The latch plate may translate in the female coupling slot between a
locked position and an unlocked position and may be biased toward
the locked position. The latch pin may extend from the coupling
body and may limit translation of the latch pin. The method may
comprise translating the latch plate from the locked position to
the unlocked position; inserting the male coupler into the fluid
pathway of the female coupling body; and returning the latch plate
to the locked position.
[0014] There is yet still further provided a method of
manufacturing a female coupling assembly, wherein a planar portion
of a latch plate is slidably disposed in a slot of a female
coupling body. The female coupling body may further define a
generally axial fluid pathway disposed transversely to the slot.

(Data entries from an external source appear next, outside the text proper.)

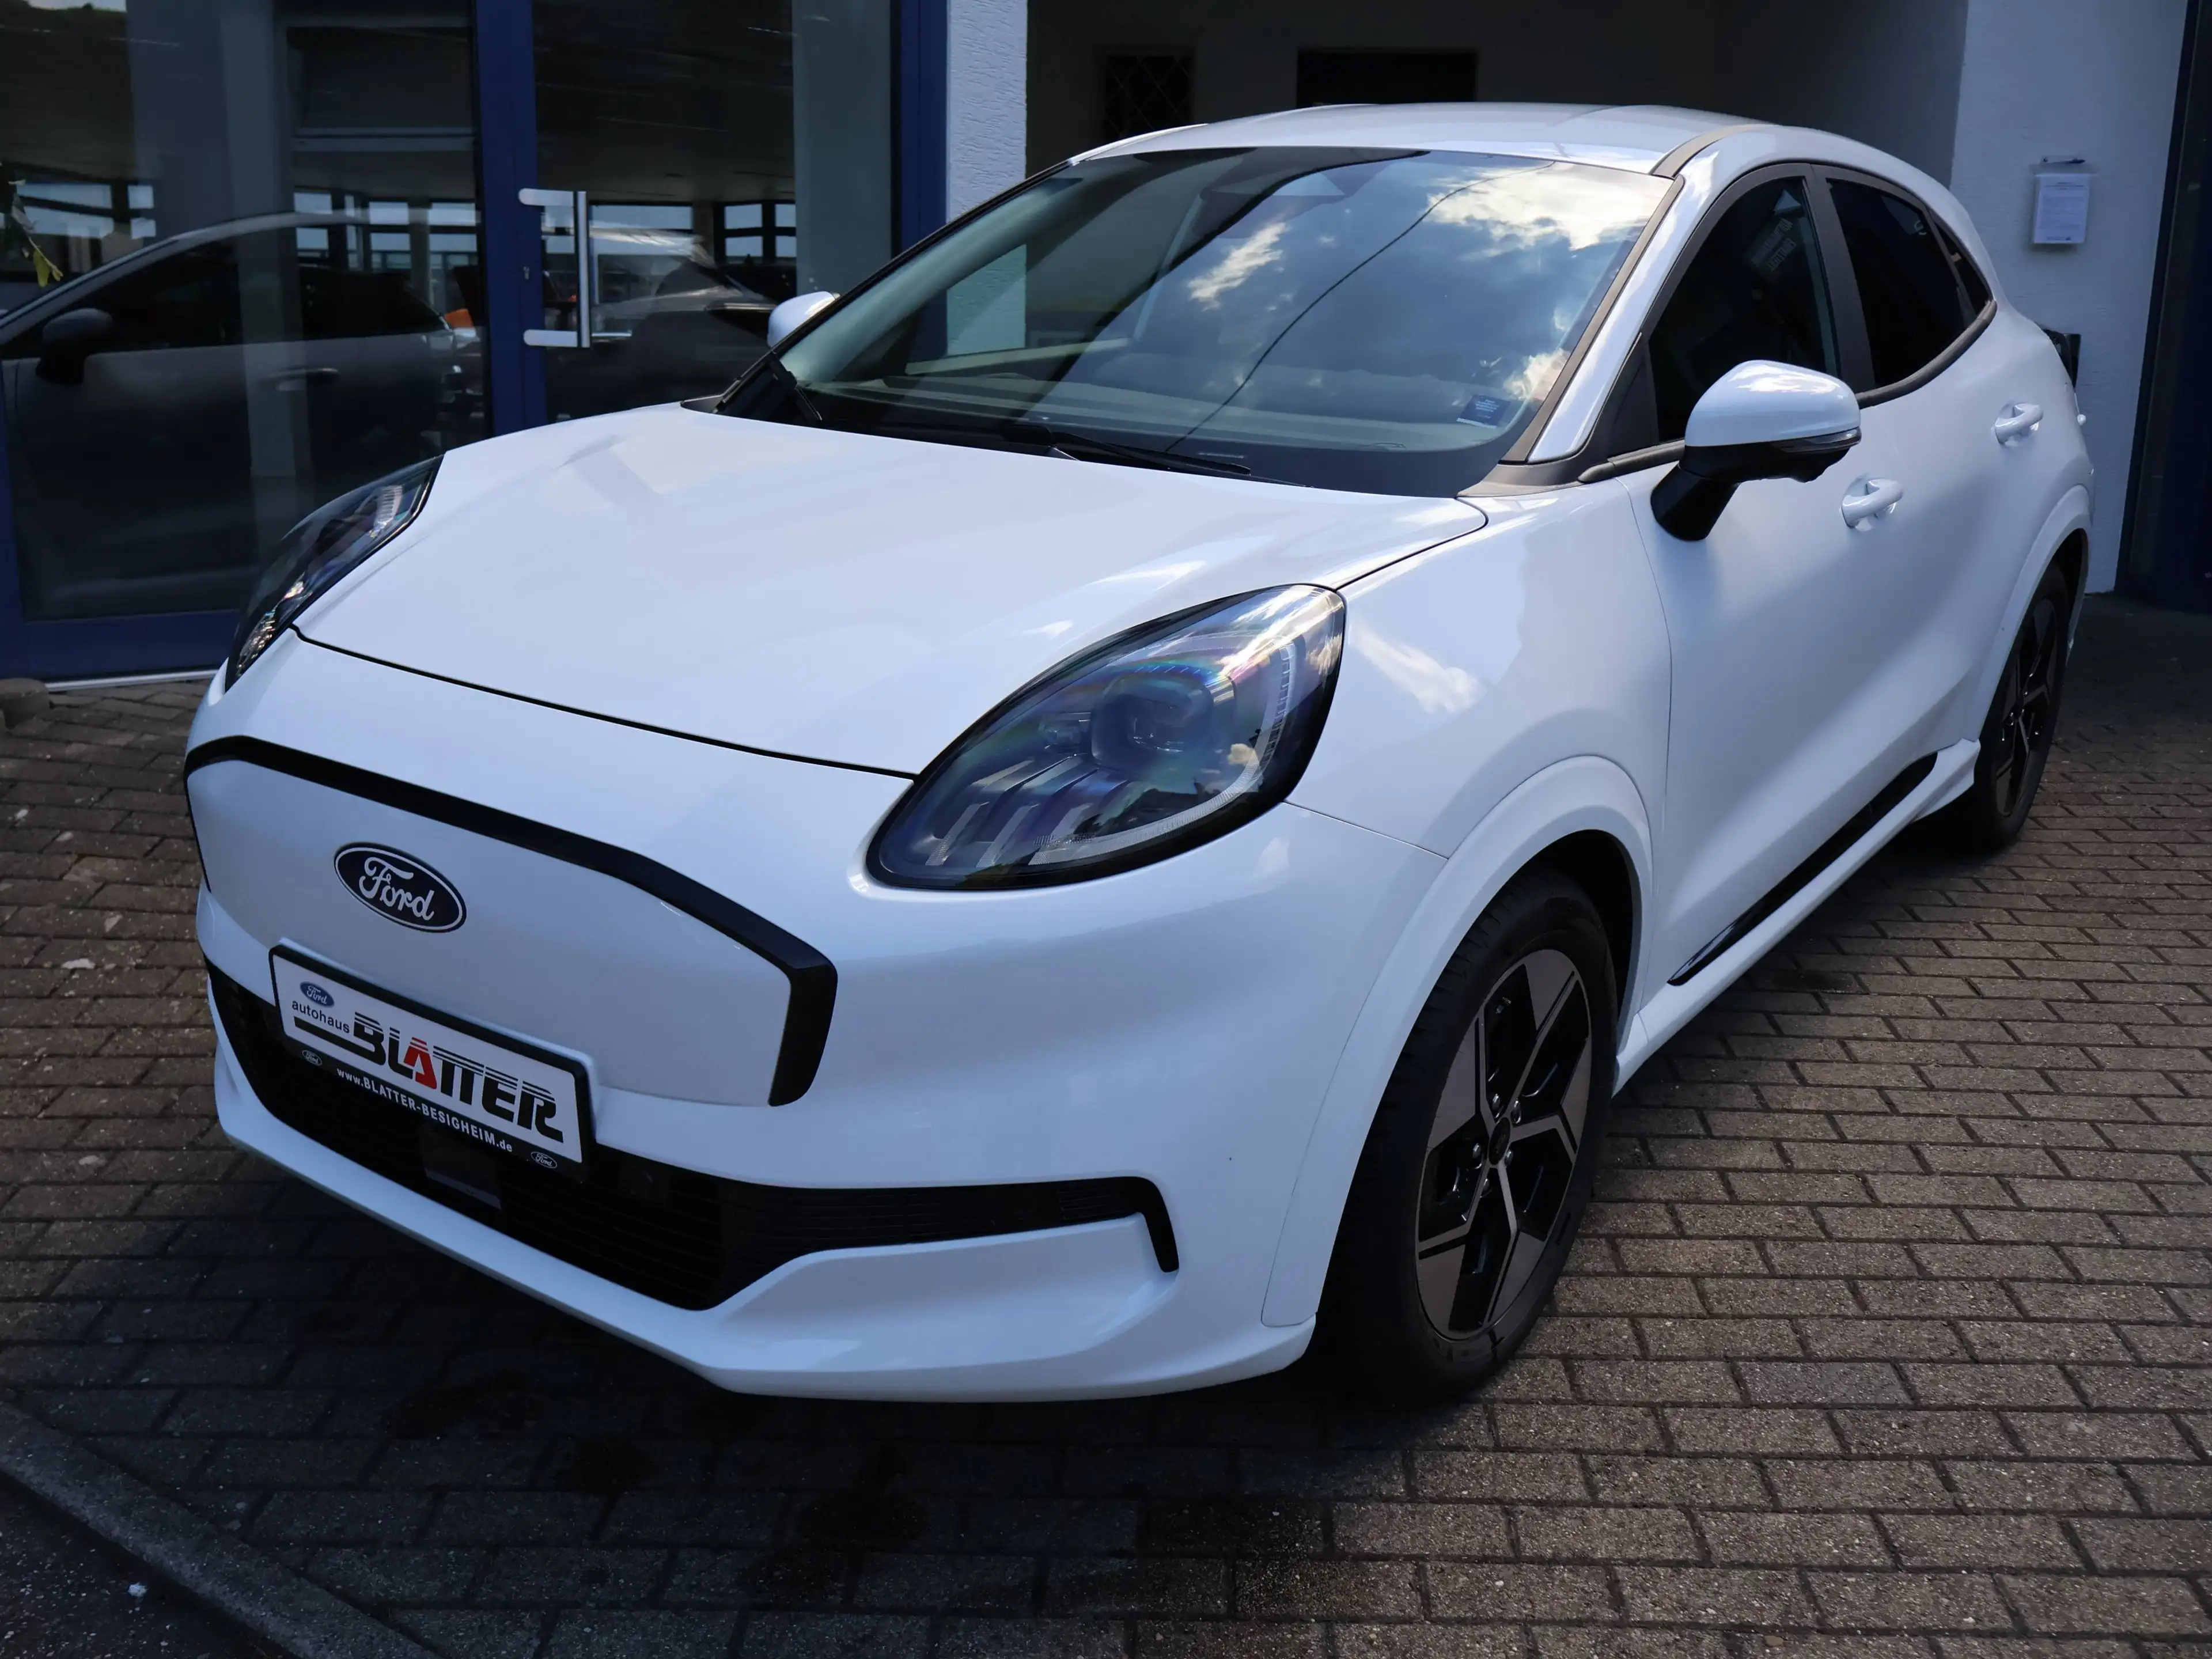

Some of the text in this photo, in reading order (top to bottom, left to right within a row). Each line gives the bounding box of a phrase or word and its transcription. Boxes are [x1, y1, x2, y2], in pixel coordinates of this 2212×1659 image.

[358, 856, 435, 921] Ford
[306, 985, 328, 1005] Ford
[291, 1000, 564, 1143] autohaus BLATTER
[336, 1067, 513, 1152] www.BLATTER-BESIGHEIM.de
[535, 1152, 554, 1166] Ford

The latch plate may have a first lever portion and a second planar
portion. The second planar portion may define a generally central
first aperture and a second aperture. The first aperture may be
partially defined by pair of raised radial edges. The second
aperture may open into the first aperture, such that an upper
portion of the second aperture is bounded by the radial edges. The
method may further include biasing the latch plate into a locked
position and securing the latch plate in the slot.
BRIEF DESCRIPTION OF THE DRAWINGS
[0015] FIG. 1 is a perspective view of one embodiment of the female
coupling assembly of this invention.
[0016] FIG. 2 is a cross-sectional view of the coupling body of the
female coupling assembly of FIG. 1.
[0017] FIG. 3 is a top view of the coupling body of FIG. 2.

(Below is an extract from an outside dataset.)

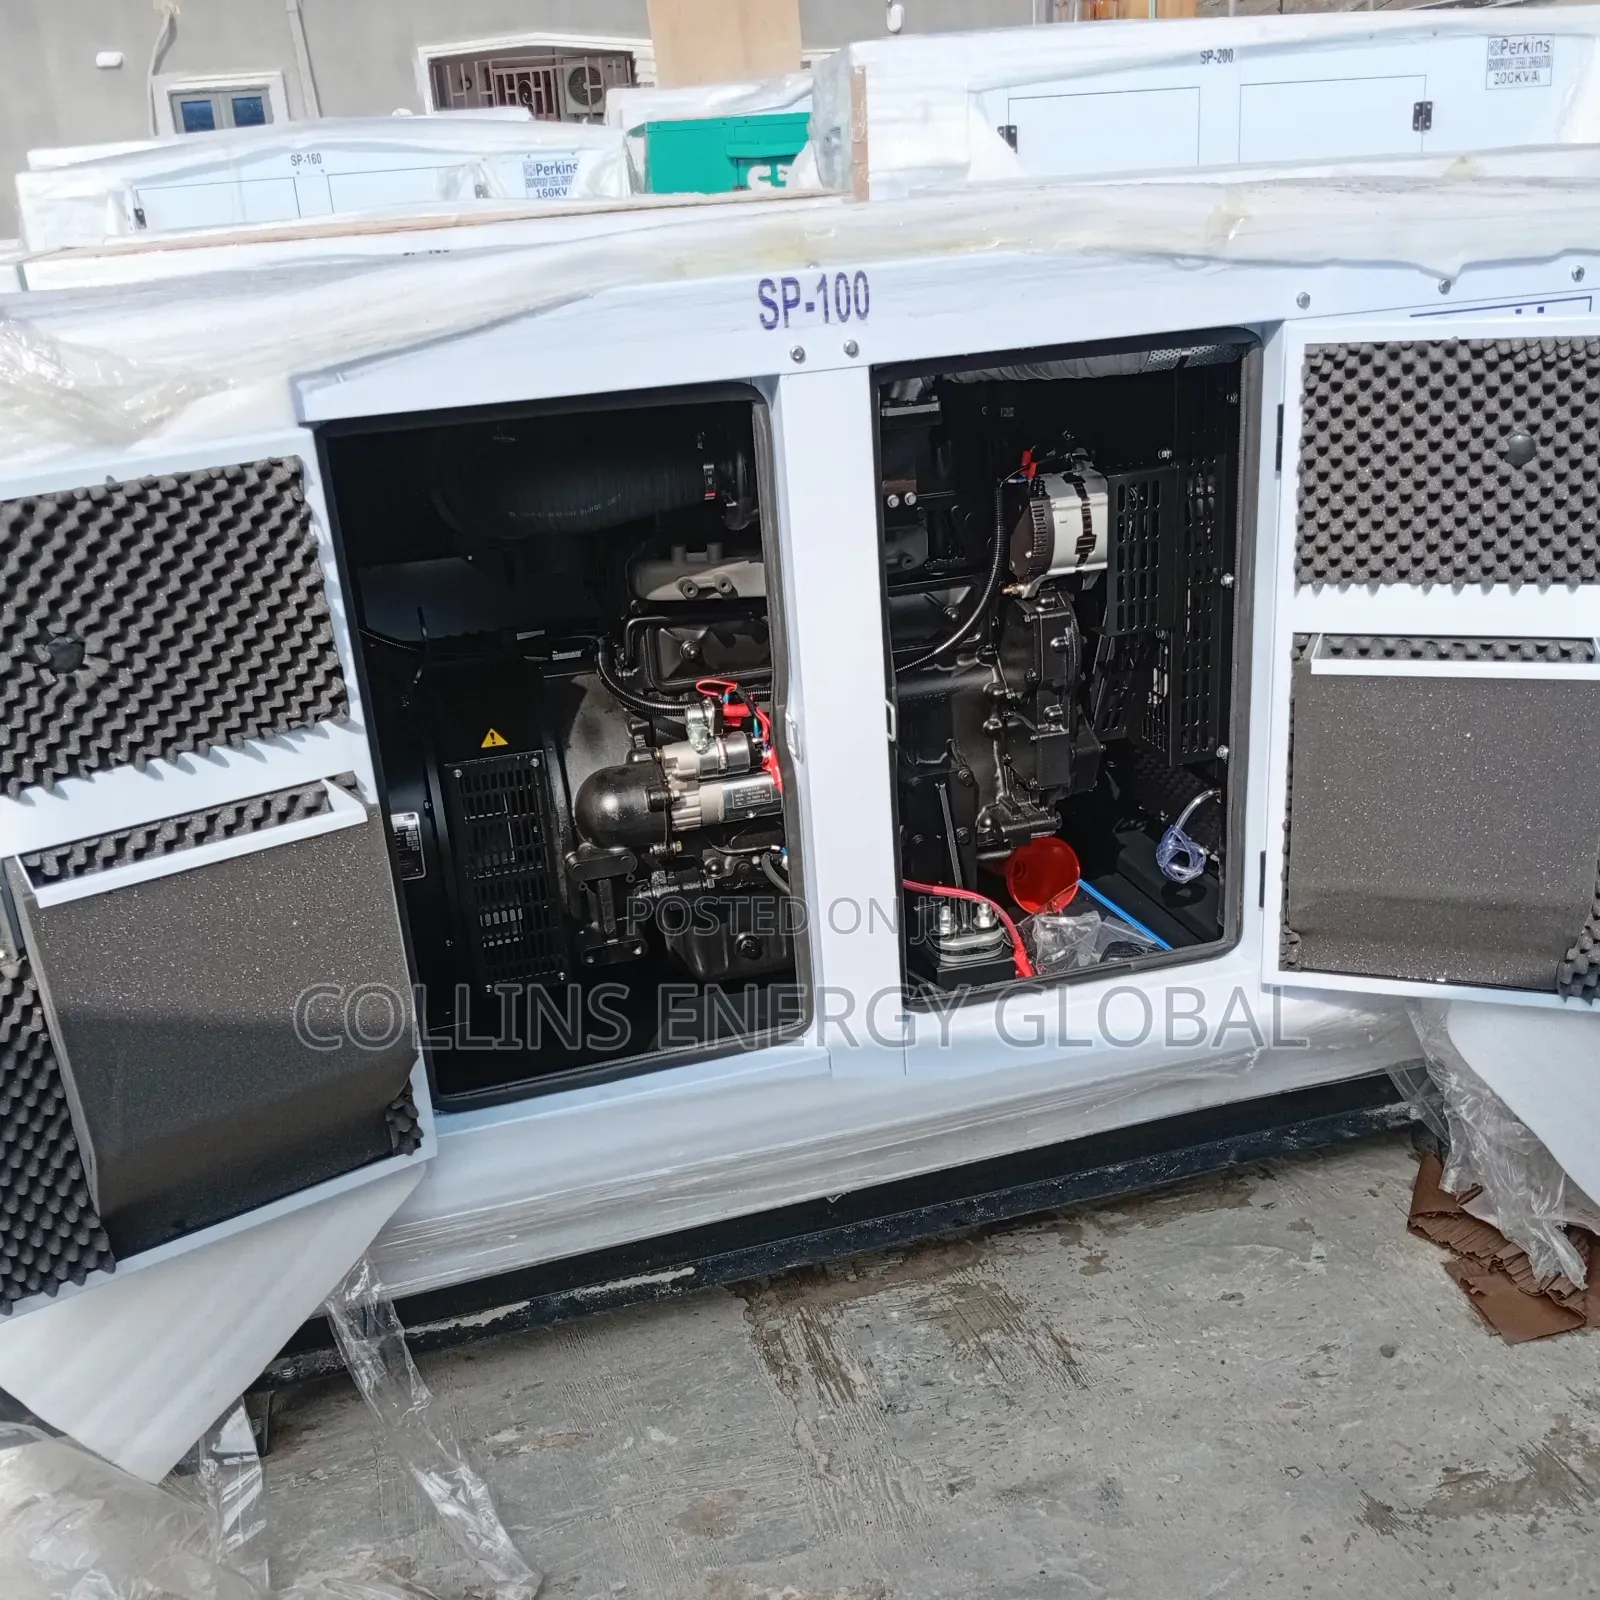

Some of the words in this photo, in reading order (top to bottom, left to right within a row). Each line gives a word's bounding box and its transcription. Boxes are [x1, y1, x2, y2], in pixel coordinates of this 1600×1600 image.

[0018] FIG. 4 is a bottom view of the coupling body of FIG. 2.
[0019] FIG. 5 is a perspective view of a latch plate of this
invention.
[0020] FIG. 6 is a front view of the latch plate of FIG. 5.
[0021] FIG. 7 is a side view of a latch pin of this invention.
[0022] FIG. 8 is a cross-sectional view of the female coupling
assembly of FIG. 1.
[0023] FIG. 9 is a perspective view of the latch pin of FIG. 7
mated to the latch plate of FIGS. 5 and 6.
[0024] FIG. 10 is a front view of the latch pin of FIG. 7 mated to
the latch plate of FIGS. 5 and 6.
[0025] FIG. 11 is a perspective view of a male coupling suitable
for use with the female coupling assembly of this invention.
[0026] FIG. 12 is a cross-sectional view of the male coupling of
FIG. 11.
[0027] FIG. 13 is a cross-sectional view of another male coupling
suitable for use with the female coupling assembly of this
invention.
[0028] FIG. 14 is a perspective view of the male coupling of FIG.
13.
[0029] FIG. 15 is a perspective view of yet another male coupling
suitable for use with the female coupling assembly of this
invention.
[0030] FIG. 16 is a perspective view of still another male coupling
suitable for use with the female coupling assembly of this
invention.
[0031] FIG. 17 is a cross-sectional view of a female coupling
assembly of this invention mated to a male coupling.
[0032] FIG. 18 is a cross-sectional view of a latch plate and male
coupling of the prior art wherein the male coupling is out of axial
alignment.
[0033] FIG. 19 is a cross-sectional view of a latch plate and male
coupling of this invention wherein the male coupling is out of
axial alignment.
[0034] It is understood that the above-described figures are only
illustrative of the present invention and are not contemplated to
limit the scope thereof.
DETAILED DESCRIPTION
[0035] Any references to such relative terms as upper and lower,
horizontal and vertical, or the like, are intended for convenience
of description and are not intended to limit the present invention
or its components to any one positional or spatial orientation. All
dimensions of the components in the attached figures may vary with
a potential design and the intended use of an embodiment of the
invention without departing from the scope of the invention.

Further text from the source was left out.